By Marc Jones
LONDON – Investors were bracing for a torrid day for Russian, Ukrainian and wider global markets when they reopen on Tuesday, after Vladimir Putin upped the ante in a crisis the West fears could unleash a major war.
In a lengthy televised address, the Russian president recognised two breakaway regions Donetsk and Luhansk in eastern Ukraine as independent entities and described Ukraine as an integral part of Russia’s history.
Tensions have already rattled global markets this year and wiped tens of billions of dollars off the value of Russian and Ukraine assets, but Monday’s escalation is expected to cause much worse.
“It is probably an understatement to say that it will be an ugly day (on the markets) tomorrow,” said Viktor Szabo, an emerging market portfolio manager at abrdn in London.
“I was hoping we weren’t going to get here, but this is a significant step.”
Russian markets were still open when Putin announced his decision live on television following phone calls to the leaders of Germany and France.

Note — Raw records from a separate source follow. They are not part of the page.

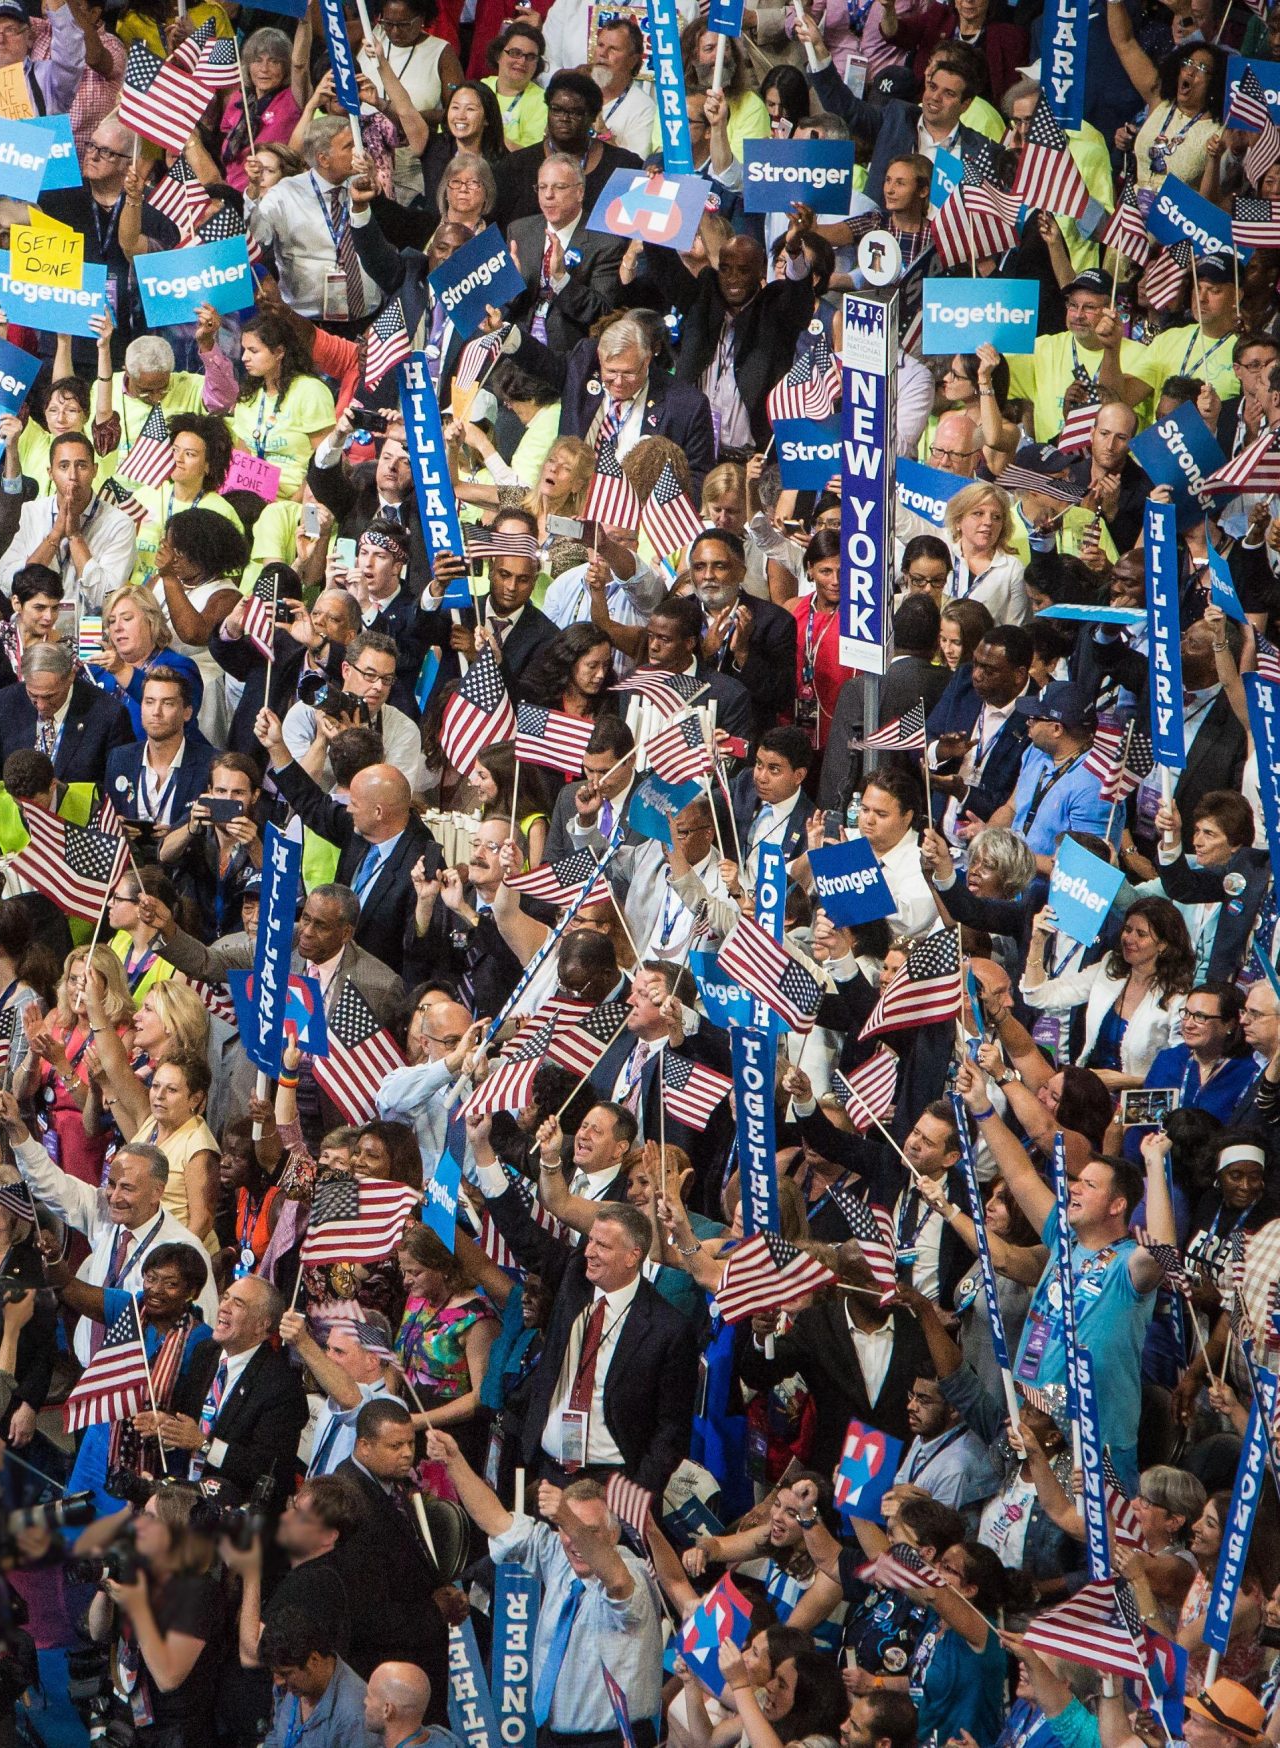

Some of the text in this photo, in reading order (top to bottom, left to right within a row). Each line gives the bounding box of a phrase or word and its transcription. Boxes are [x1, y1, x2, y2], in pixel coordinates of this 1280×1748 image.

[3, 68, 17, 86] IT
[748, 161, 850, 189] Stronger
[17, 231, 80, 256] GET IT
[26, 256, 72, 278] DONE
[142, 261, 248, 298] Together
[441, 247, 508, 312] Stronger
[926, 302, 1034, 329] Together
[844, 371, 883, 480] NEW
[232, 453, 255, 473] GET
[257, 462, 271, 476] IT
[404, 362, 452, 555] HILLAR
[1157, 419, 1218, 511] Stronger
[236, 473, 262, 491] DONE
[847, 496, 878, 642] YORK
[1149, 510, 1174, 736] HILLARY
[817, 867, 878, 898] Stronger
[258, 845, 288, 1045] HILLARY
[741, 1036, 770, 1235] TOGETHE
[427, 1177, 457, 1216] ogether
[1077, 1356, 1109, 1580] STRONGER

The rouble losses reached 3.3%, while Moscow’s stock markets plunged to their lowest level in over a year as the dollar-denominated RTS index finished the day 13.2% lower and the rouble-based MOEX Russian index lost 10.5%.
Analysts at Commonwealth Bank of Australia warned traders ahead of the start of Tuesday’s Asian open that Putin’s decision to recognise the separatist-held areas of Ukraine would clearly exacerbate already high tensions
“Financial market participants now wait for a response from the United States and Europe,” they added.

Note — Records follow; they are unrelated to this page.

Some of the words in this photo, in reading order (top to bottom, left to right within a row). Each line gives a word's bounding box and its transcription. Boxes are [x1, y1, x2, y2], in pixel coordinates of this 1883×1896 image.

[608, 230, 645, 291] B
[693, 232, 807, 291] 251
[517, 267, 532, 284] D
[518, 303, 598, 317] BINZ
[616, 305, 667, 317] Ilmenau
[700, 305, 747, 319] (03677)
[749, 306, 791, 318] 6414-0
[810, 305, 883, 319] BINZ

That response is expected to come in the shape of tough new sanctions.
Although other steps might come first, some of the most severe measures would be to cut Russia’s banks off from the SWIFT banking system and order a complete ban on EU, UK and U.S. investment funds holding Russian government bonds.

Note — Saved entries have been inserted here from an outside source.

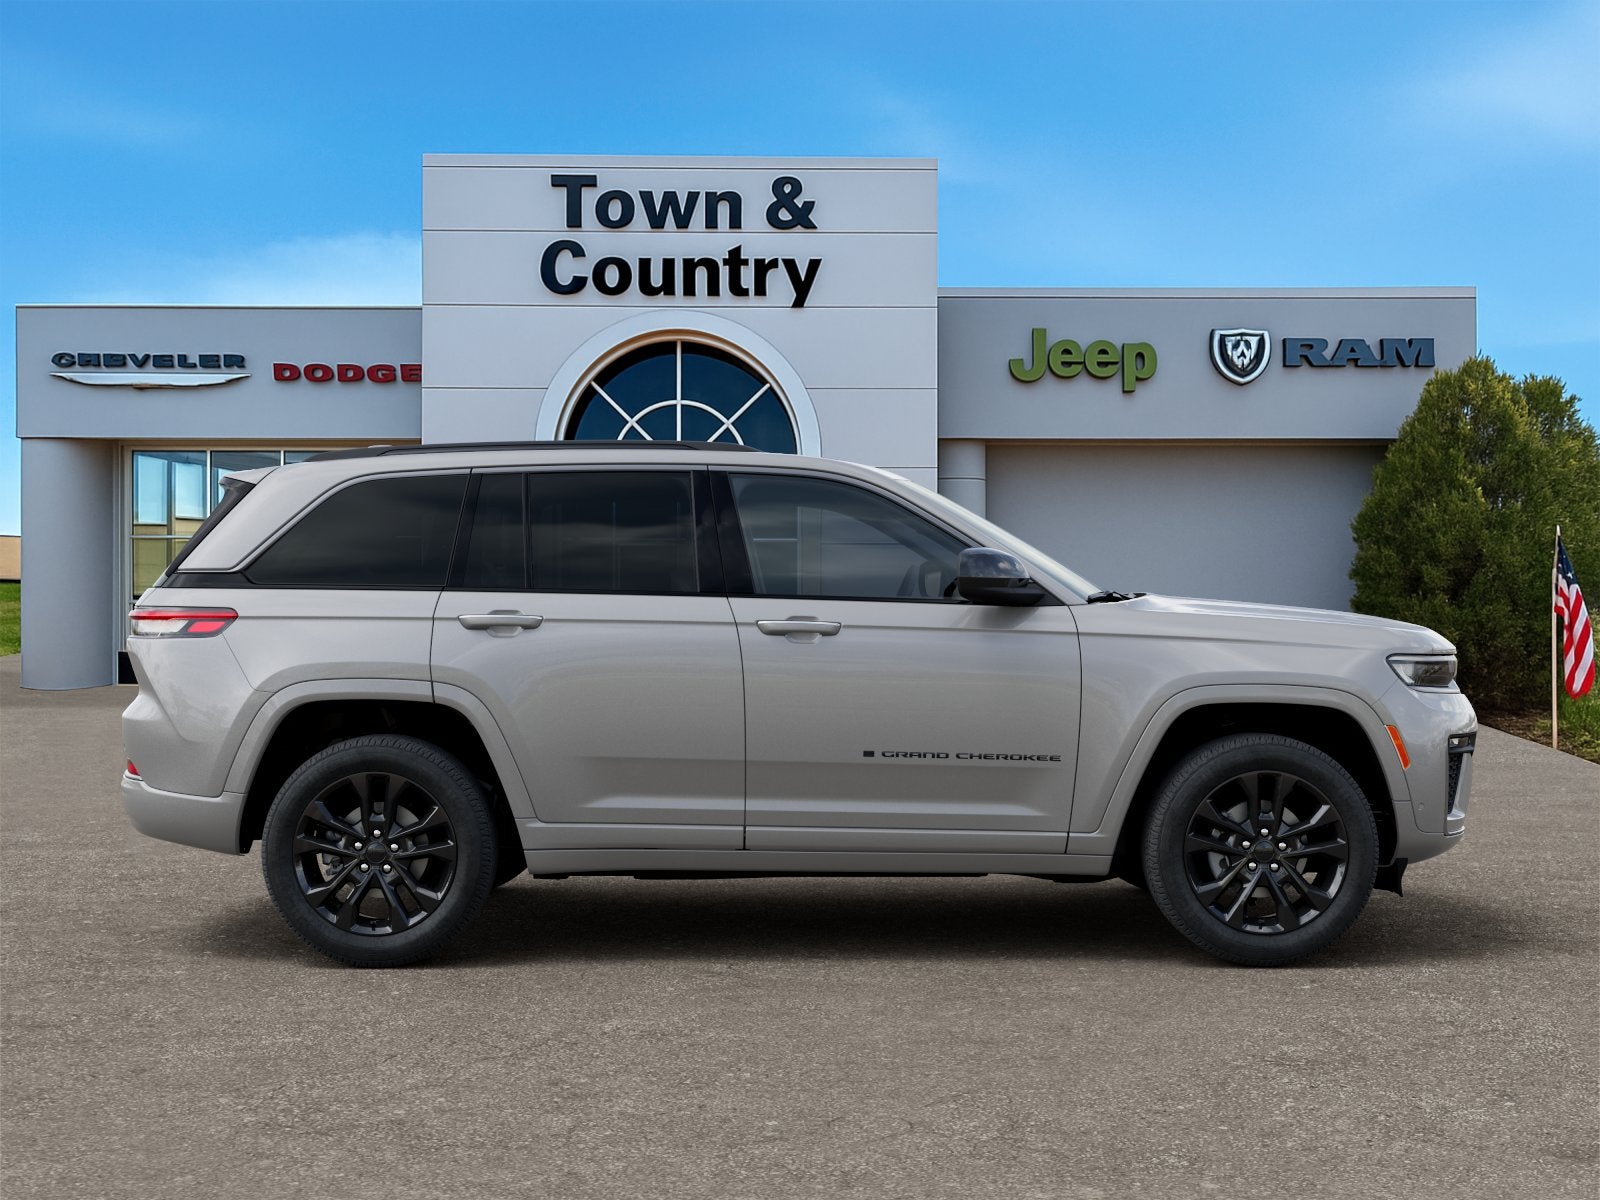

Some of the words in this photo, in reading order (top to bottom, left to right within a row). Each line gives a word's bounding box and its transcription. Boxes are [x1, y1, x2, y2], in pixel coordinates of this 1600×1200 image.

[550, 174, 743, 230] Town
[765, 175, 818, 230] &
[539, 239, 822, 308] Country
[272, 363, 422, 383] DODGE
[1009, 327, 1158, 393] Jeep
[1282, 337, 1436, 368] RAM
[881, 750, 950, 760] GRAND
[955, 752, 1062, 763] CHEROKEE

At the end of last year foreigners held just over $43 billion of OFZs, as Russia’s rouble-denominated bonds are known.
“We agreed (Britain) and (the EU) will coordinate to deliver swift sanctions against Putin’s regime, and stand shoulder-to-shoulder with Ukraine,” British Foreign Minister Liz Truss said on Twitter following a call with European Union foreign policy chief Josep Borrell.
GRAPHIC: Russia Ukraine CDS – https://fingfx.thomsonreuters.com/gfx/mkt/klvykmxlqvg/Pasted%20image%201645485094587.png
Yields on Russia’s 10-year OFZs were expected to surge further having hit a high of 10.6% on Monday. Russia has one of the biggest stockpiles of international FX reserves in the world at $630 billion, but the cost of insuring its sovereign debt against default has also soared to its highest since early 2016.
Analysts were also warning of the wider impact on global market confidence, which along with the pressures of fast-rising global borrowing costs this year, has already been hit by the tensions.
Futures markets were pointing to a 1.8% fall on the S&P 500 on Wall Street later, a 2.2% drop on Japan’s Nikkei, a 2.5% drop on the Nasdaq and 3.7% slump on Germany’s DAX in Europe. Demand for traditional safe assets also saw U.S. Treasuries rally.
“This step clearly increases uncertainty and thus creates further downside risk for global risk assets,” said Manik Narain, head of emerging market strategy at UBS.
“We are going to see a negative reaction,” added Ken Polcari, managing partner at Kace Capital Advisors in Florida. “We are going to test the Jan. 24 lows which was 4,220 on the S&P 500”.